"Amici in comune": revocate le misure interdittive per gli indagati

La decisione del Gup in attesa dell'ultima udienza preliminare del prossimo 25 gennaio



PRAIA A MARE – 29 dic. 21 - Una nuova decisione per gli indagati nell'attività di indagine della Guardia di finanza denominata “Amici in comune”. In attesa dell'udienza preliminare prevista per il prossimo 25 gennaio, data in cui si deciderà sull'eventuale rinvio a giudizio o sul non luogo a procedere per gli indagati, il Gup del tribunale di Paola ha accolto le richieste di revoca delle misure interdittive prodotte dagli avvocati di fiducia degli indagati. Accolta la richiesta per il sindaco Antonio Praticò, per il quale permaneva ancora l'obbligo di firma, per il tecnico comunale Giovanni Argirò, per l'impiegata comunale Rosa Grisolia,per i professionisti Giorgio e Stefano De Rosa, Domenico Rocco, Pasquale Lamboglia, Nicola Gabriele e Giovanni Condicelli.

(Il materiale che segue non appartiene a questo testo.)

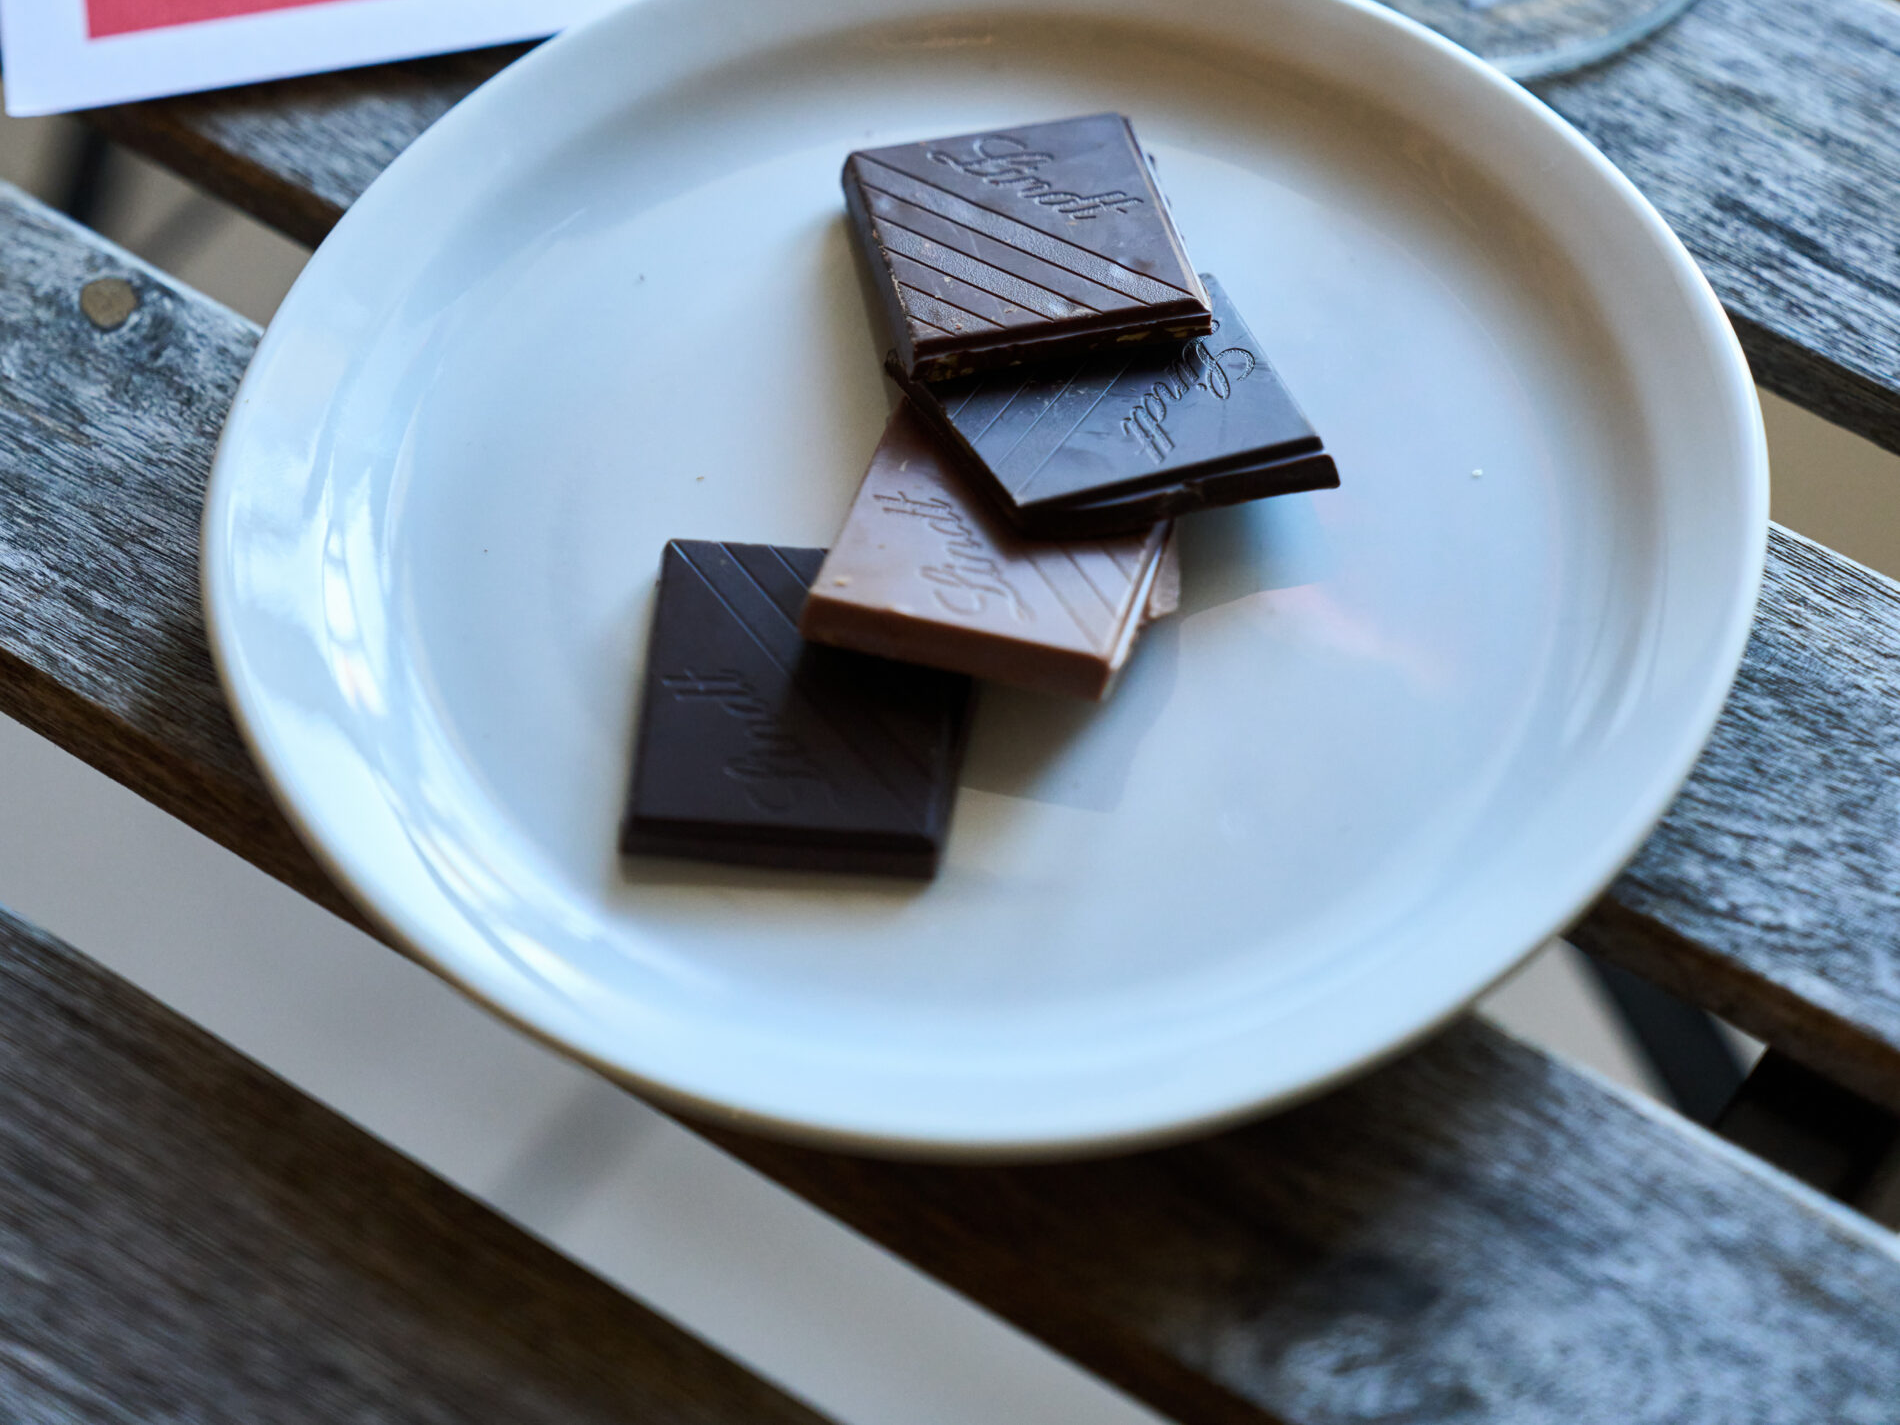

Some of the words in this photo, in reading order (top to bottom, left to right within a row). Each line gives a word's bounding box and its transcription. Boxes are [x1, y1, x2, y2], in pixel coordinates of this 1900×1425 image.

[926, 135, 1144, 220] Lindt
[1120, 320, 1256, 465] Lindt
[873, 491, 1037, 622] Lindt

La richiesta al Gup era stata presentata nel corso dell'ultima udienza preliminare in corso al tribunale di Paola. Il giudice per le indagini preliminari ha giudicato insussistenti le esigenze cautelari, in considerazione del tempo trascorso dall’adozione della misura. Precedentemente, come è noto, si era espresso in maniera opposta il tribunale del riesame di Catanzaro che, solo per alcuni indagati, in tutto otto, aveva rigettato le istanze presentate, confermando le misure interdittive emesse inizialmente e condannando alle spese gli indagati. Sono in tutto undici gli indagati finiti nel mirino della Guardia di finanza, per i quali la procura di Paola aveva avanzato ed ottenuto la richiesta di misura cautelare presentata al Gip Rosamaria Mesiti. L’indagine riguarda le presunte turbative d’asta avvenute tra il 2019 e i primi mesi del 2021.